Task to carry out → Print exactly the lines from the one containing "this 1280×960 image." through the last line of the records below, both included, and nothing else; omit any pictures.

::::

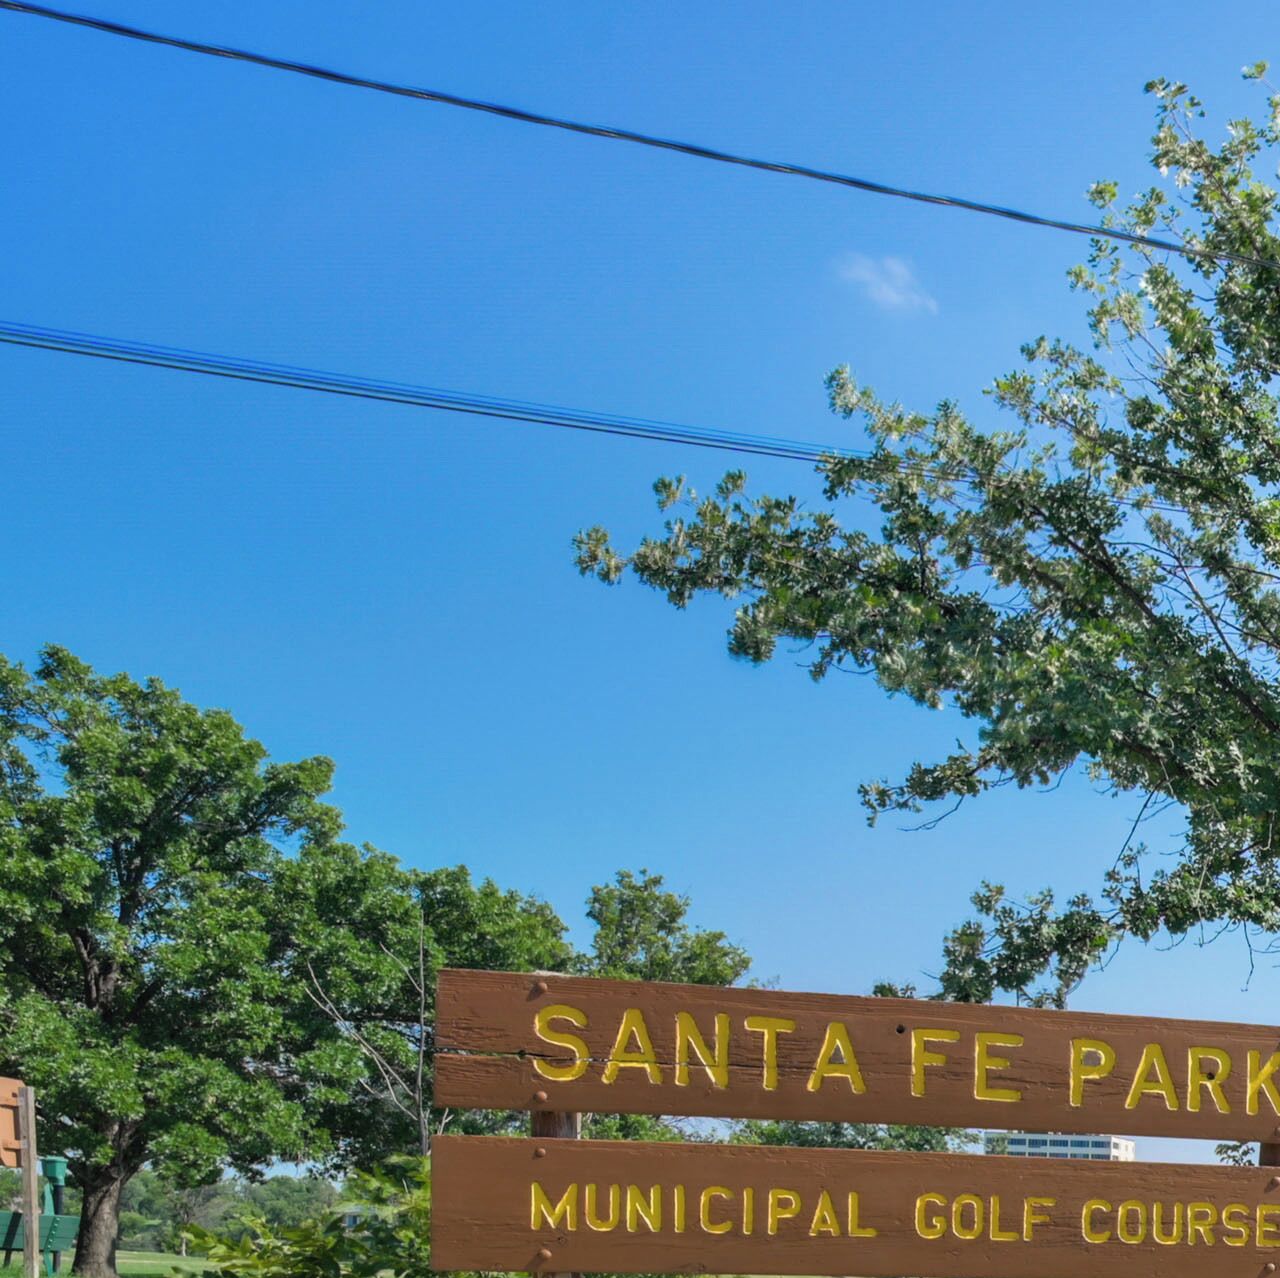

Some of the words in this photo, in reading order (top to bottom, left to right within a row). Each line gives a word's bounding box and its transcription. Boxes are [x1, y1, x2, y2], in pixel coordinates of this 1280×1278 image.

[531, 1003, 868, 1095] SANTA
[910, 1028, 1025, 1104] FE
[529, 1180, 879, 1240] MUNICIPAL
[914, 1191, 1058, 1244] GOLF
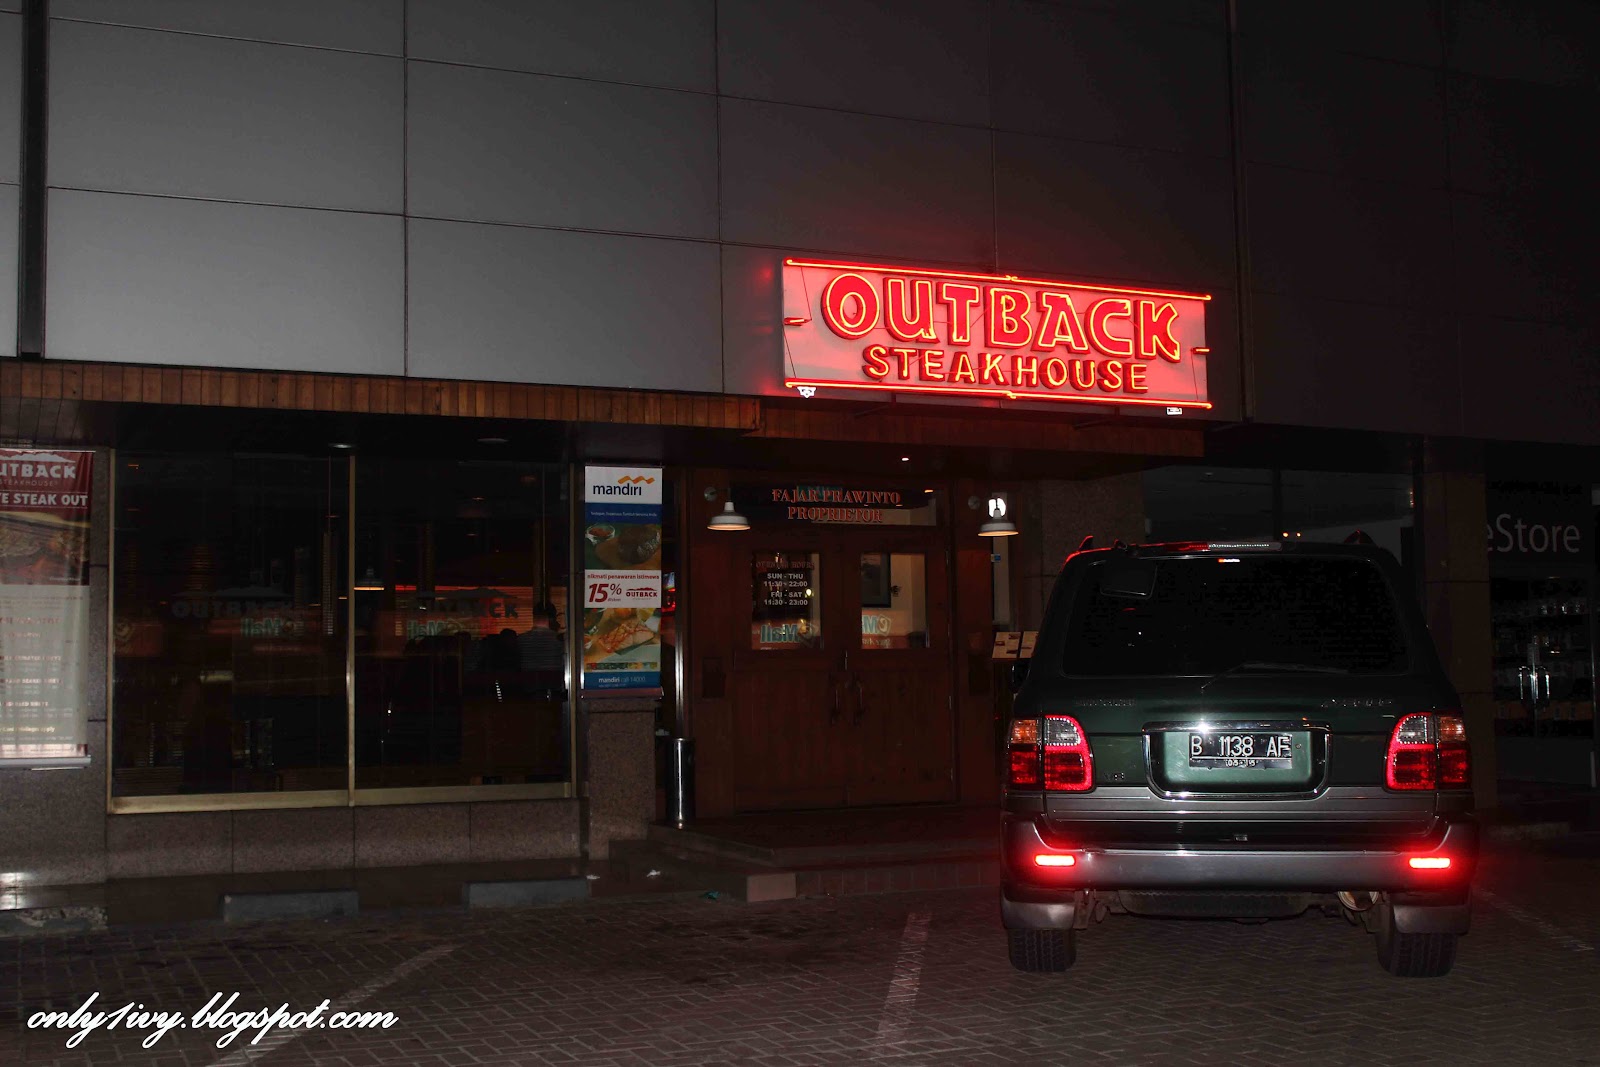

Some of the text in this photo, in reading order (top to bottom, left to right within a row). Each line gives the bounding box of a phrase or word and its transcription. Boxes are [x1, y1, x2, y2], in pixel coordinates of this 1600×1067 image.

[821, 273, 1182, 363] OUTBACK
[862, 344, 1149, 394] STEAKHOUSE
[0, 463, 76, 479] UTBACK
[0, 479, 55, 487] TEAKHOUSE
[593, 483, 642, 496] mandiri
[13, 493, 57, 505] STEAK
[61, 494, 88, 506] OUT
[771, 488, 901, 505] FAJAR PRAWINTO
[787, 506, 882, 523] PROPRIETOR
[588, 583, 622, 603] 15%
[1191, 735, 1202, 756] B
[1219, 735, 1254, 757] 1138
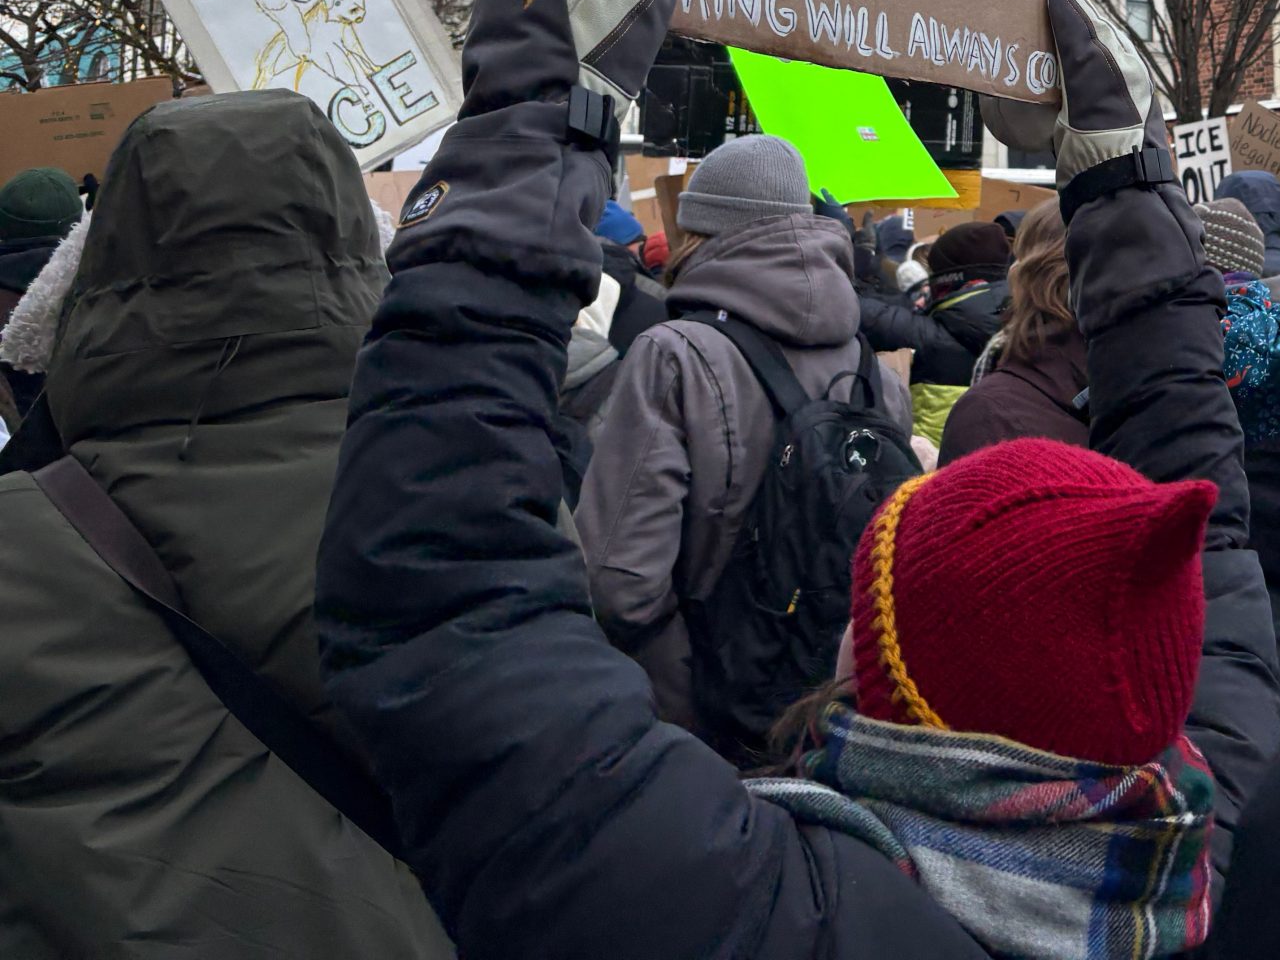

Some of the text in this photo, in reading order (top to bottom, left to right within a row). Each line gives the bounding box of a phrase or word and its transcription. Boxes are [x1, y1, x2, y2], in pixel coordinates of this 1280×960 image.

[907, 12, 1020, 87] ALWAYS
[1178, 125, 1223, 159] ICE
[1182, 159, 1228, 205] OUT
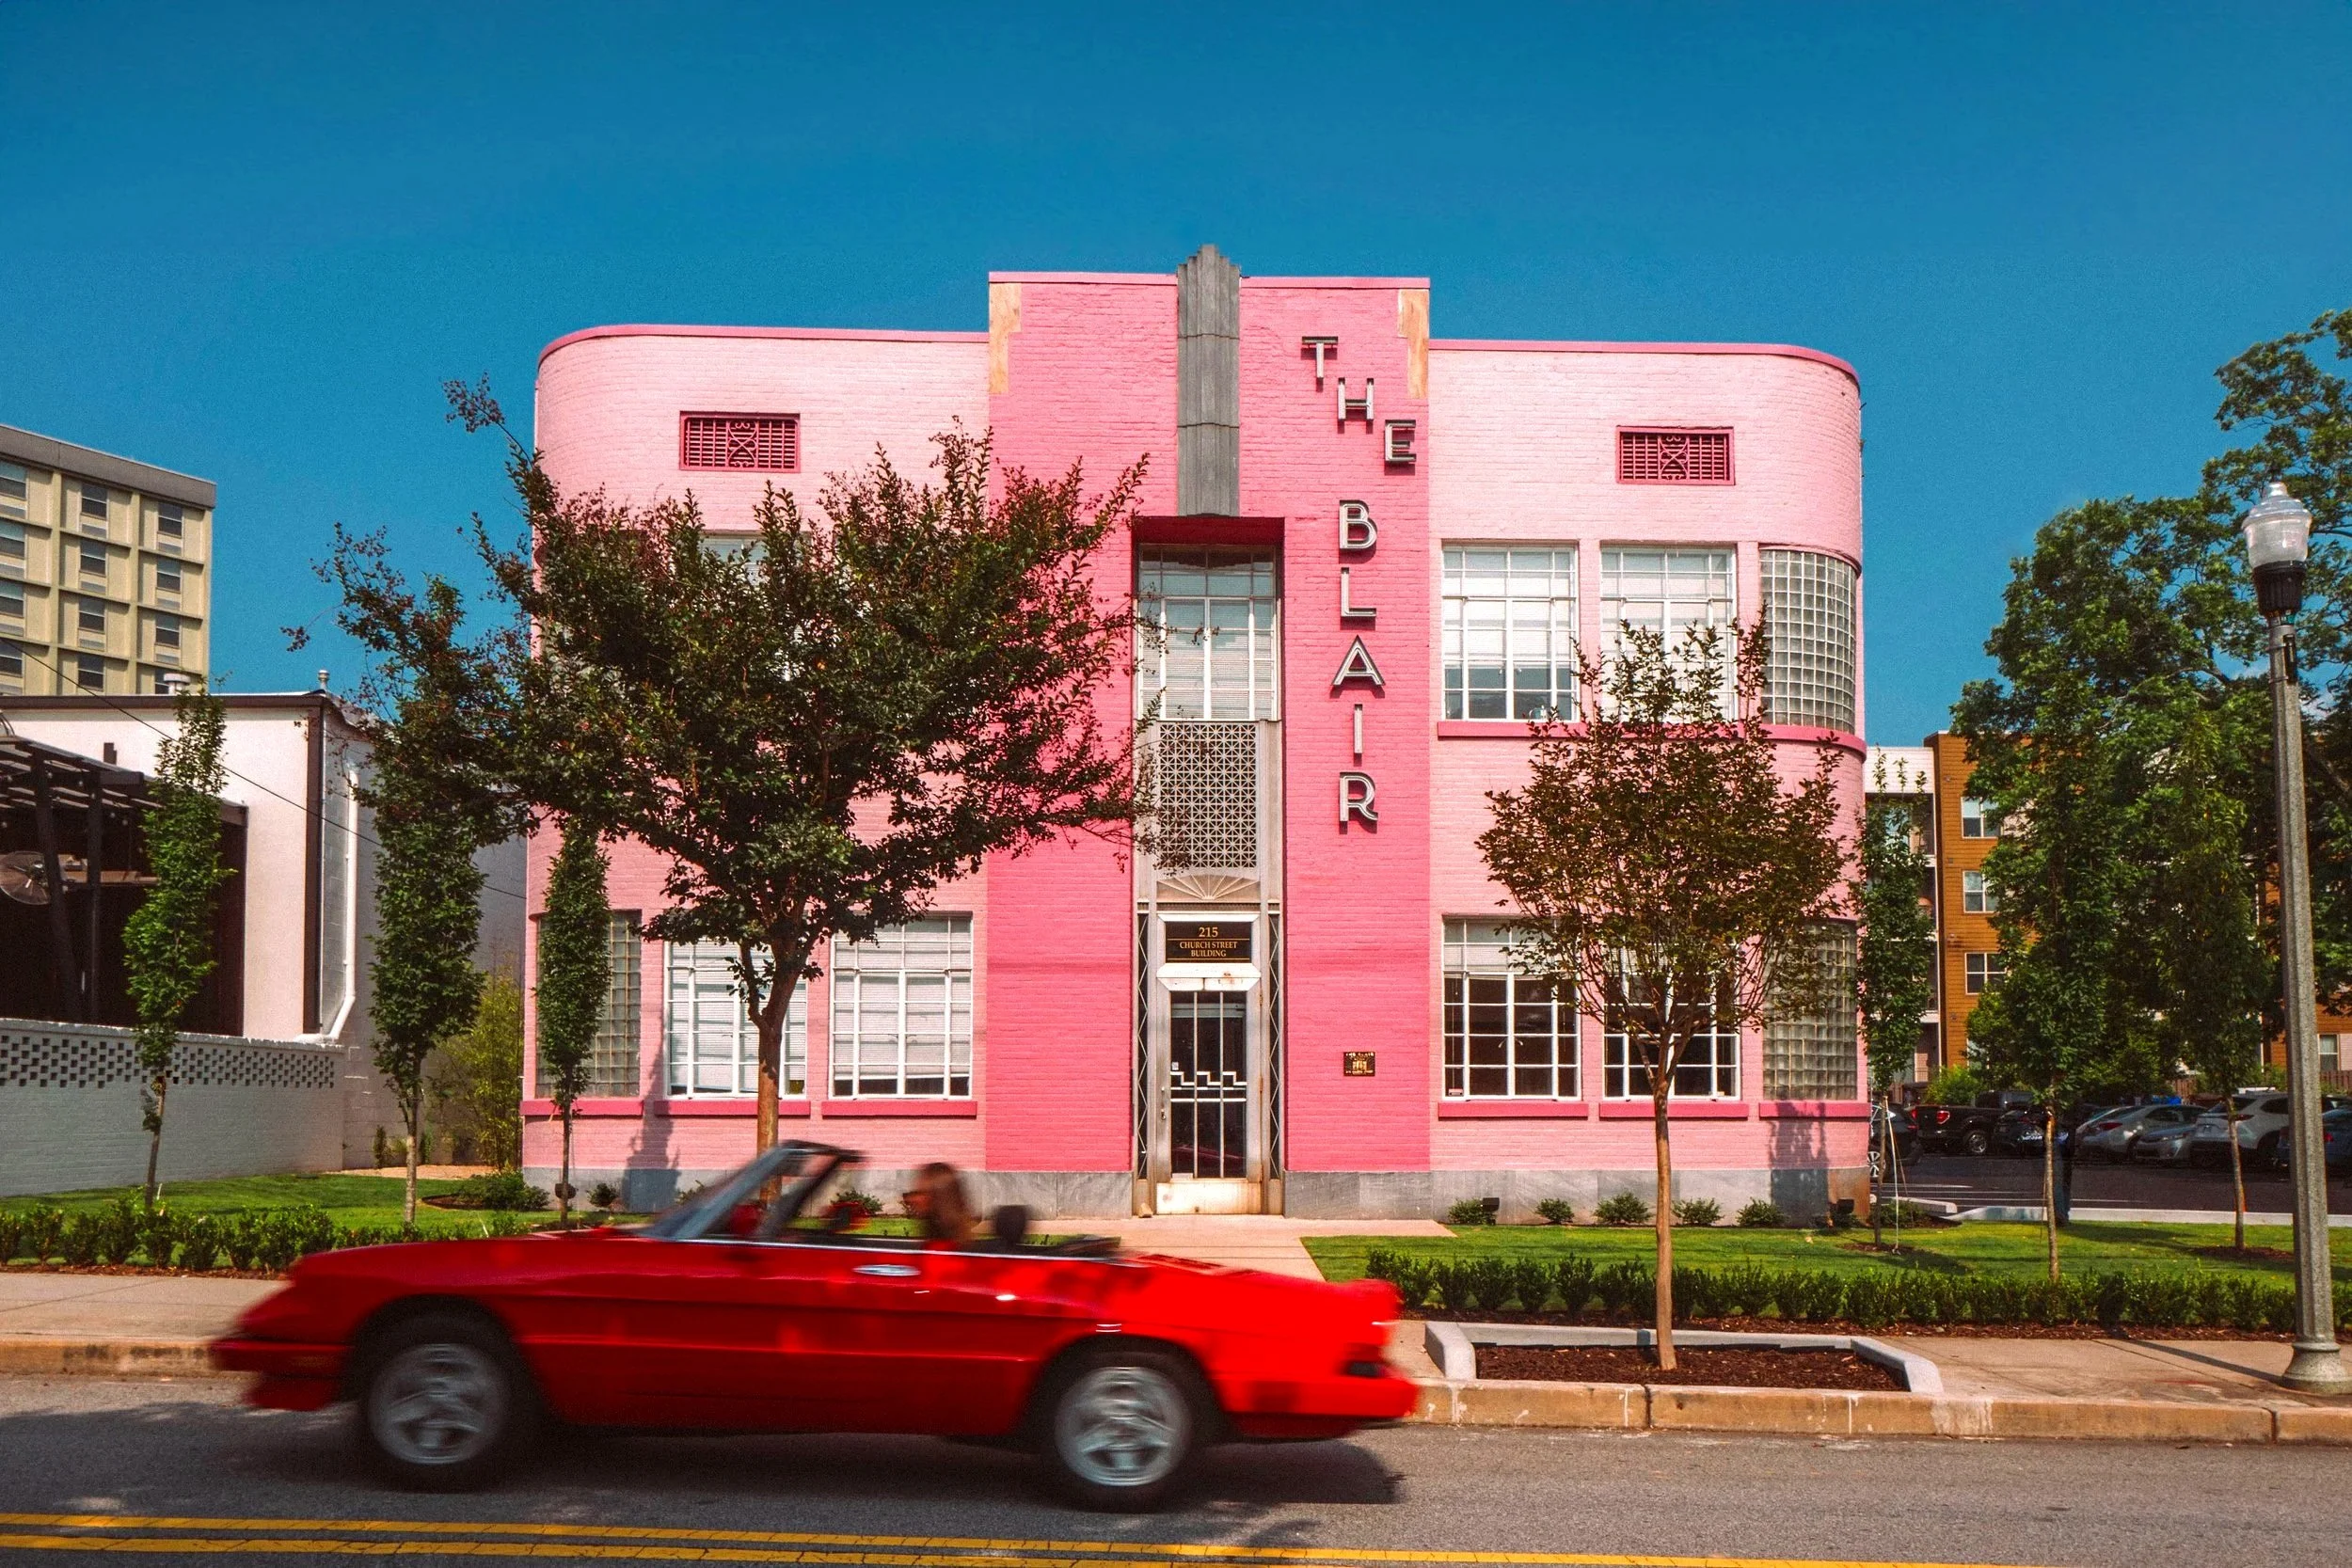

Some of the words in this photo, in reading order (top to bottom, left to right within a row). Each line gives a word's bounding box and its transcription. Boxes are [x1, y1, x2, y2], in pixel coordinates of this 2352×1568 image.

[1302, 336, 1416, 462] THE
[1331, 499, 1386, 821] BLAIR
[1199, 927, 1218, 937] 215

::::

Your solution →
Some of the text in this photo, in reading order (top to bottom, left to right within a row). Each line gives the bounding box of a phrase or word and its transcription. Boxes are [x1, y1, x2, y2], in pixel coordinates of this 1280×960 image.

[907, 12, 1020, 87] ALWAYS
[1178, 125, 1223, 159] ICE
[1182, 159, 1228, 205] OUT

Some of the words in this photo, in reading order (top to bottom, left to right within a row). Each line gives a word's bounding box and its transcription. Boxes are [x1, y1, x2, y2], in pixel coordinates of this 2352×1568 image.

[1302, 336, 1416, 462] THE
[1331, 499, 1386, 821] BLAIR
[1199, 927, 1218, 937] 215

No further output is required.